Cette toxine, riche en acide arachidonique, est jugée par les autorités comme un risque sérieux pour la santé humaine. La décision a été prise suite à plusieurs enquêtes menées après des incidents de contamination chez des nourrissons. Les autorités ont relevé des preuves que l'huile utilisée pour la fabrication de lait en poudre, importée de Chine, était à l'origine de cette contamination.
Une réaction face à une crise sanitaire
Des géants de l'agroalimentaire, tels que Nestlé, Danone et Lactalis, ont déjà lancé d'importants rappels de produits dans plus de 60 pays en réponse à cette crise.
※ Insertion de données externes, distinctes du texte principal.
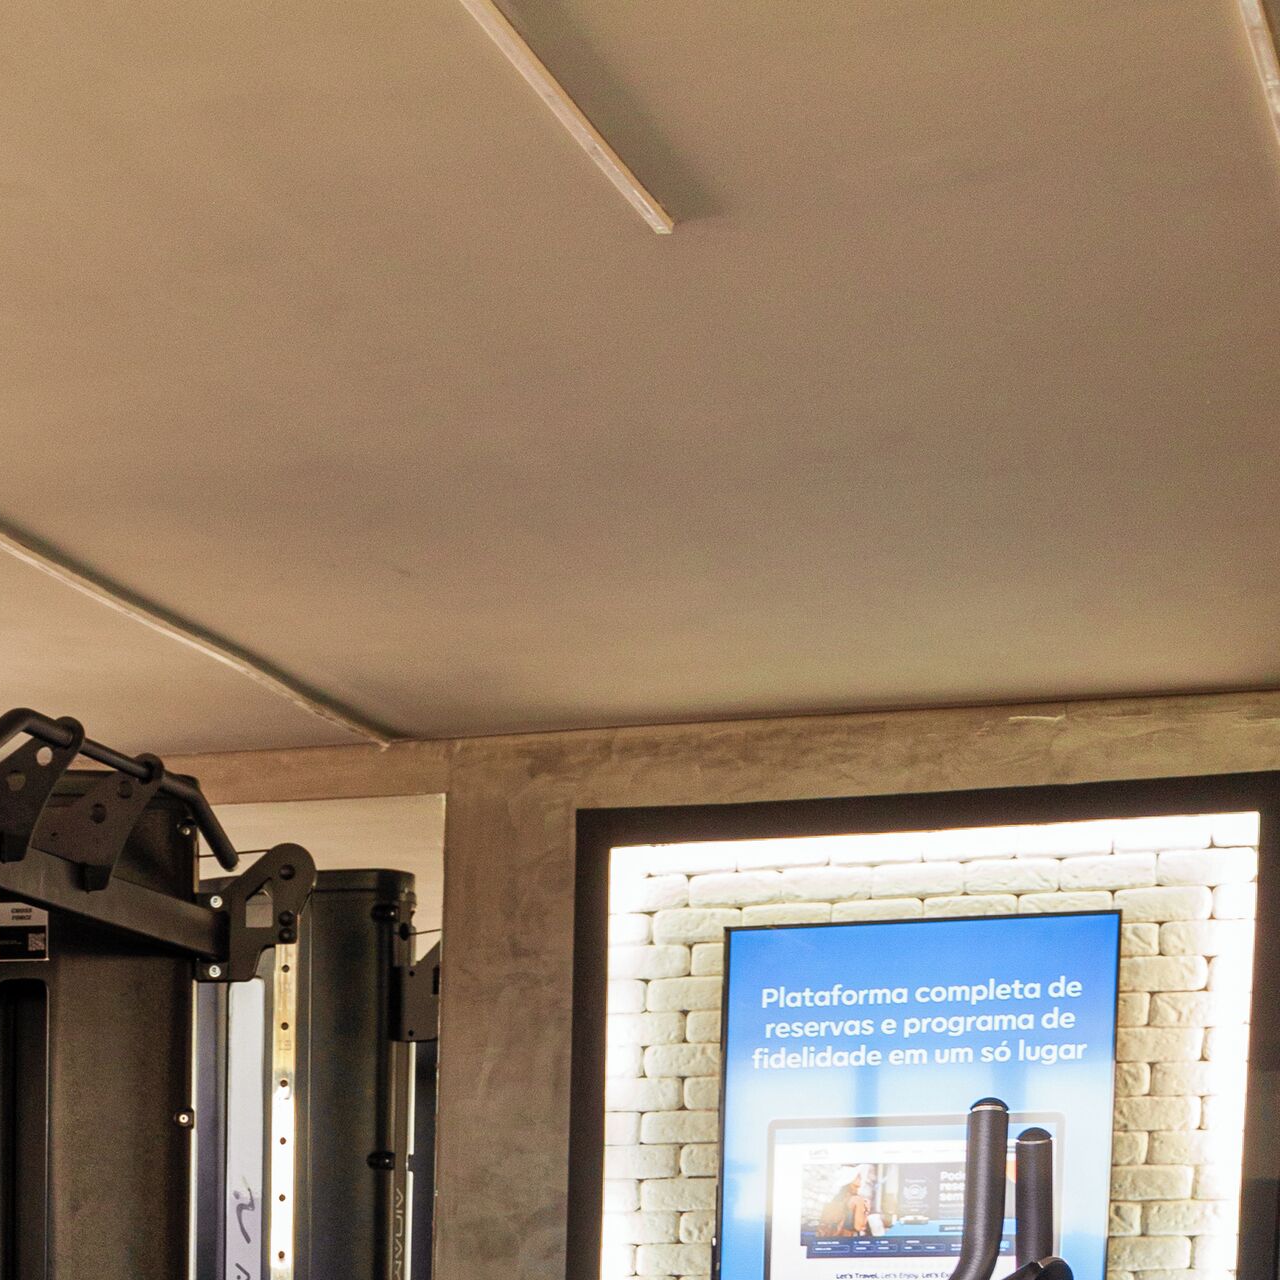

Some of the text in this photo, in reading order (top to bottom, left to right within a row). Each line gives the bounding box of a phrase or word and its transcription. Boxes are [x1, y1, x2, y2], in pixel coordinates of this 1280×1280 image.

Les données fournies par l'Autorité européenne de sécurité des aliments indiquent également que sept pays européens, dont la France et la Belgique, ont signalé des cas de bébés souffrant de troubles gastro-intestinaux après consommation de lait contaminé.
Tragédie et enquête en cours
Les autorités françaises enquêtent sur la mort de trois bébés dont les décès, le plus récent étant survenu le 5 février, sont soupçonnés d'être liés à la consommation de lait en poudre contaminé. Le ministère de la Santé a cependant précisé qu'« aucun lien scientifique n'avait encore été établi » entre ces tragédies et les produits incriminés. Des enquêtes judiciaires sont actuellement en cours.
Les investigations pointent également une entreprise basée à Wuhan, Cabio Biotech, comme suspectée d'être le fournisseur de la céréulide. En réponse à cette crise, l'Autorité sanitaire européenne a récemment fixé un seuil de sécurité concernant la présence de cette toxine dans les produits pour enfants, renforçant ainsi les normes actuelles.